***** Record extracts
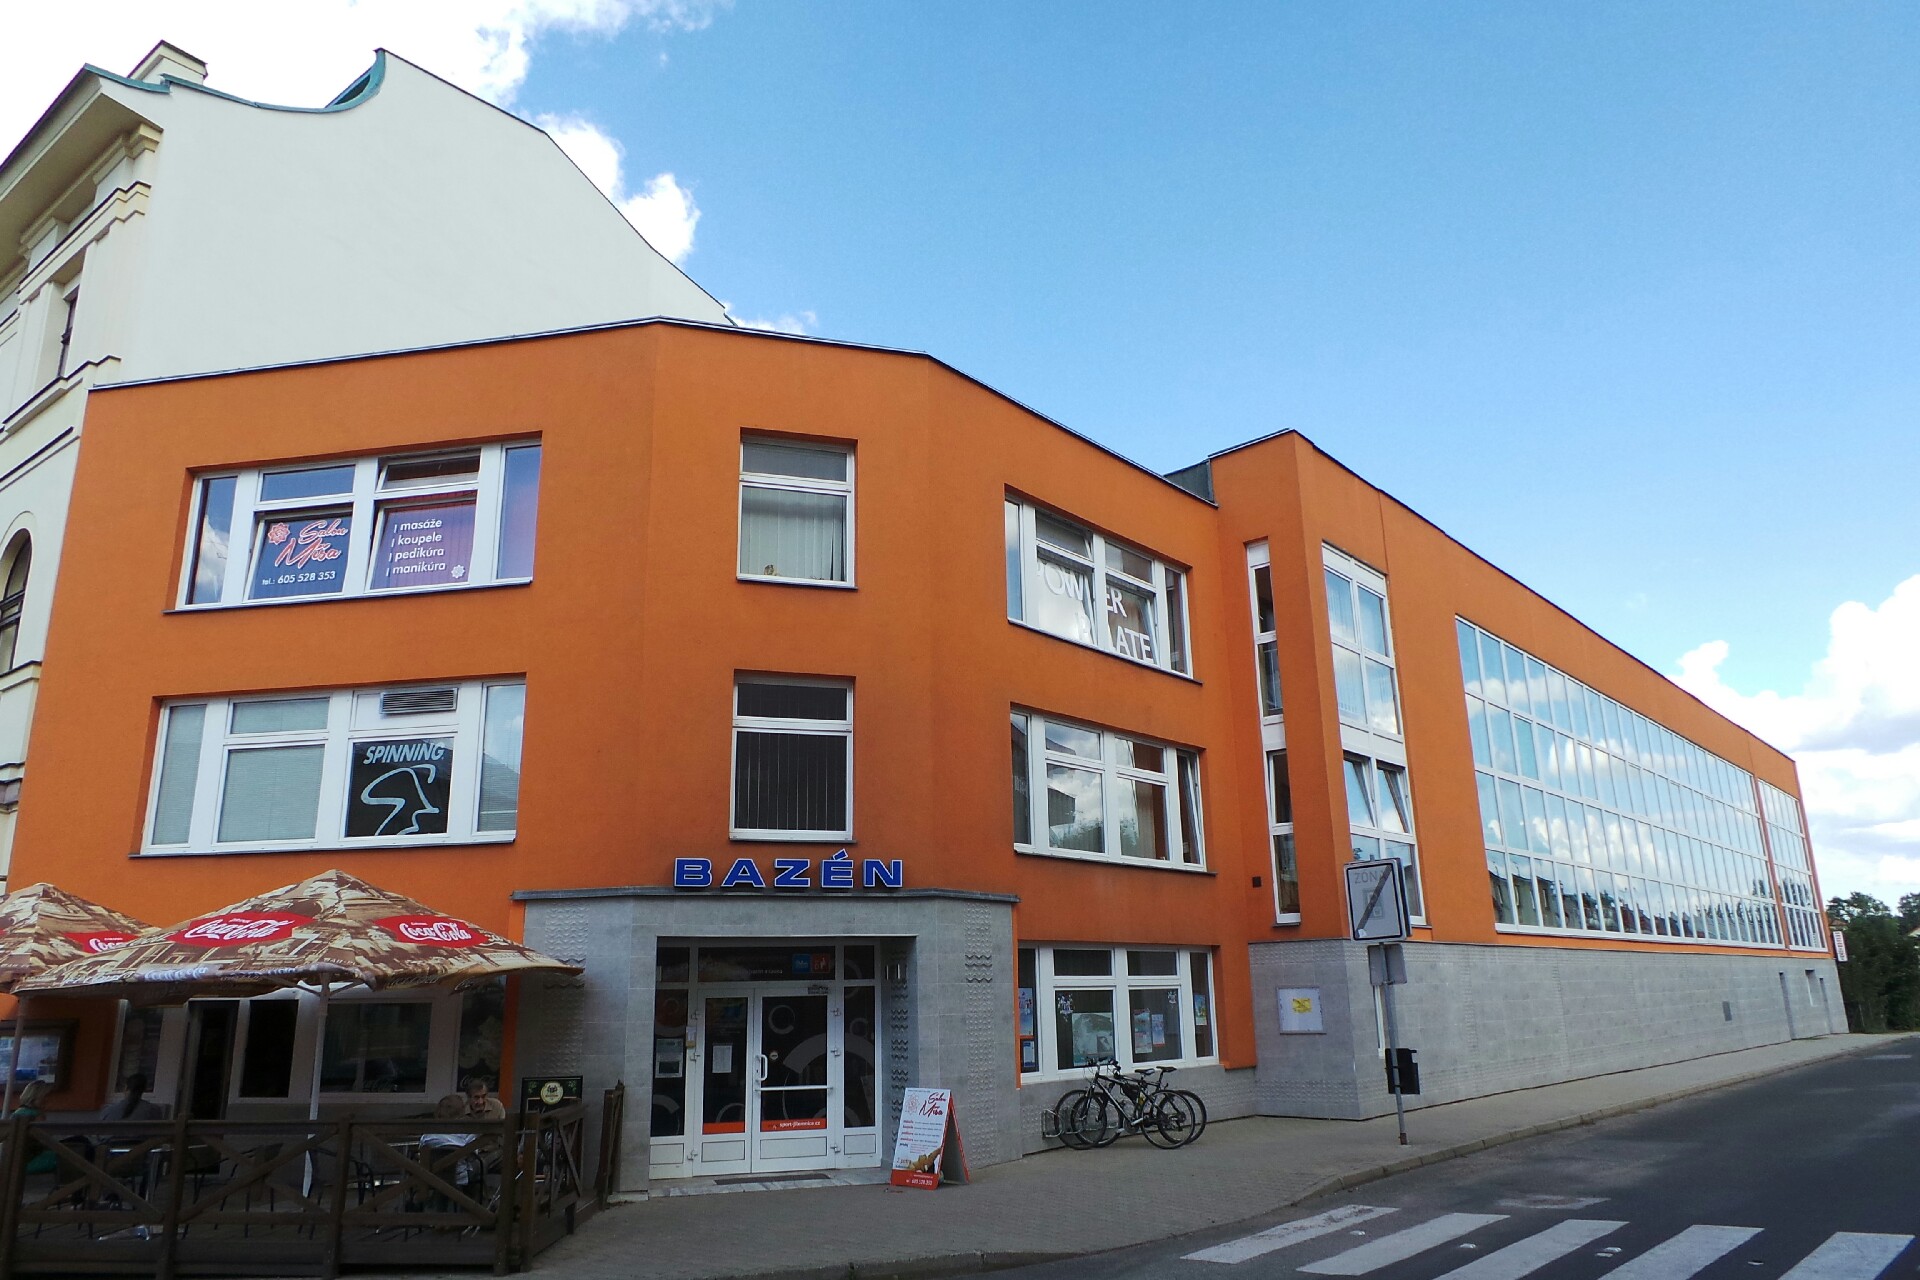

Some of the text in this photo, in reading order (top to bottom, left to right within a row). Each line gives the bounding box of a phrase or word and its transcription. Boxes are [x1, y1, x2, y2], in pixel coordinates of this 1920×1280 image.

[298, 518, 348, 544] Salon
[400, 518, 442, 531] masáže
[397, 531, 442, 546] koupele
[394, 547, 445, 562] pedikúra
[392, 561, 446, 574] manikúra
[277, 574, 296, 584] 605
[297, 572, 316, 582] 528
[317, 570, 336, 580] 353
[363, 741, 446, 765] SPINNING
[674, 848, 903, 888] BAZÉN
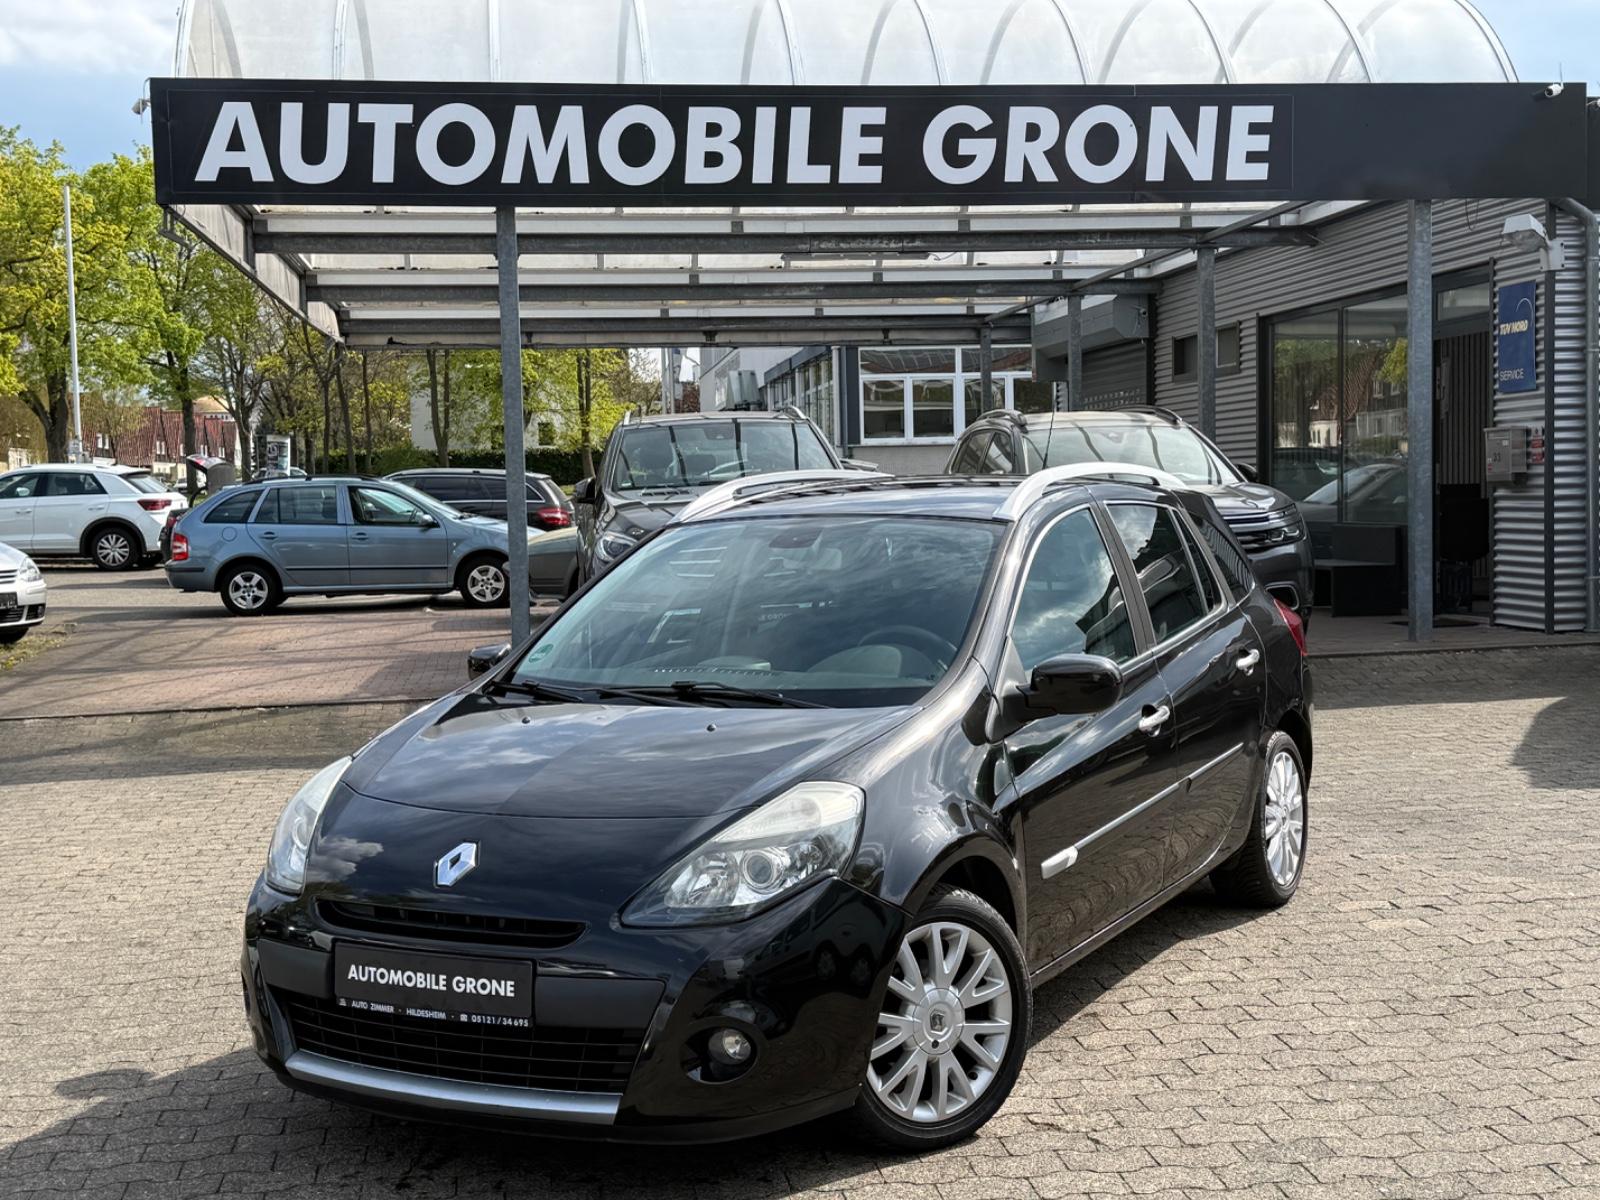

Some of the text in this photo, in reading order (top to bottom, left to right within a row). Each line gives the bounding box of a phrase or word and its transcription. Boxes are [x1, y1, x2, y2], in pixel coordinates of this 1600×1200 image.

[195, 102, 1275, 187] AUTOMOBILE GRONE
[1511, 320, 1528, 333] NORD
[1500, 368, 1524, 381] SERVICE
[348, 964, 515, 998] AUTOMOBILE GRONE
[351, 1000, 368, 1010] AUTO
[370, 1003, 395, 1014] ZIMMER
[406, 1008, 447, 1020] HILDESHEIM
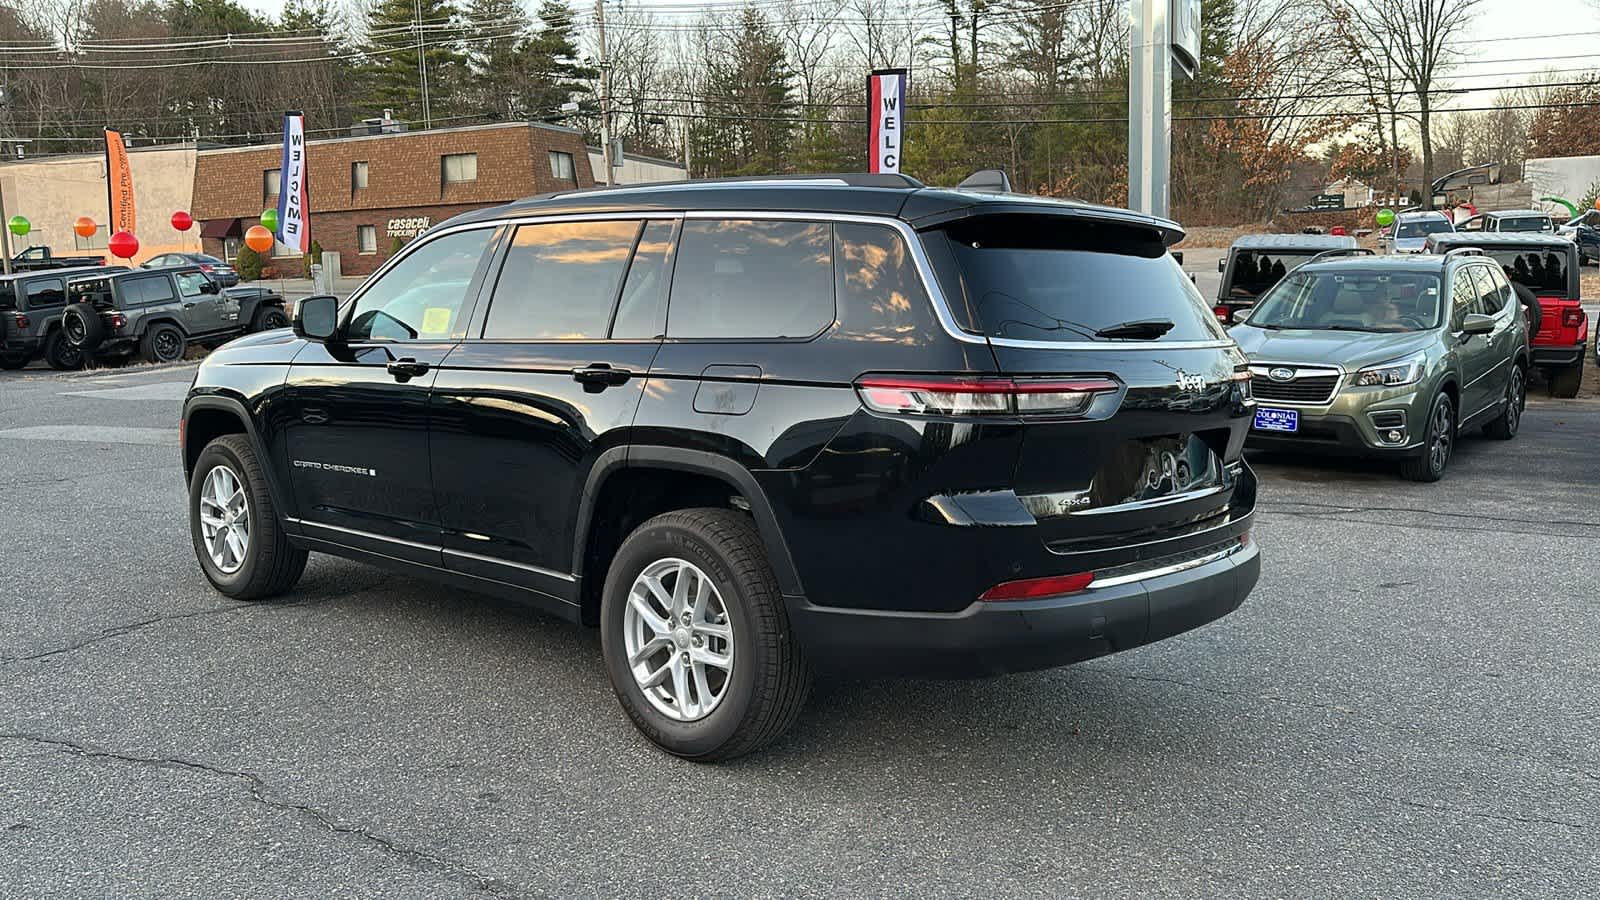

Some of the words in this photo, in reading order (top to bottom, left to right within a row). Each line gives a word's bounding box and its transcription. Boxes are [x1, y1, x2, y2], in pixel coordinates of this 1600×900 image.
**********
• Exercise details: The records above are to be repeated exactly, with the pictures left out.

• Response area:
Some of the text in this photo, in reading order (top to bottom, left to right within a row). Each line gives the bounding box of a phrase or word and its transcription. Boxes are [x1, y1, x2, y2], in pixel coordinates of this 1920×1280 image.

[298, 518, 348, 544] Salon
[400, 518, 442, 531] masáže
[397, 531, 442, 546] koupele
[394, 547, 445, 562] pedikúra
[392, 561, 446, 574] manikúra
[277, 574, 296, 584] 605
[297, 572, 316, 582] 528
[317, 570, 336, 580] 353
[363, 741, 446, 765] SPINNING
[674, 848, 903, 888] BAZÉN

Some of the text in this photo, in reading order (top to bottom, left to right within a row). Each line gives the bounding box of a phrase or word and its transcription. Boxes are [x1, y1, x2, y2], in pixel coordinates of this 1600×1200 image.

[195, 102, 1275, 187] AUTOMOBILE GRONE
[1511, 320, 1528, 333] NORD
[1500, 368, 1524, 381] SERVICE
[348, 964, 515, 998] AUTOMOBILE GRONE
[351, 1000, 368, 1010] AUTO
[370, 1003, 395, 1014] ZIMMER
[406, 1008, 447, 1020] HILDESHEIM

Some of the words in this photo, in reading order (top to bottom, left to right within a row). Each line gives a word's bounding box and its transcription. Boxes are [x1, y1, x2, y2], in pixel coordinates of this 1600×900 image.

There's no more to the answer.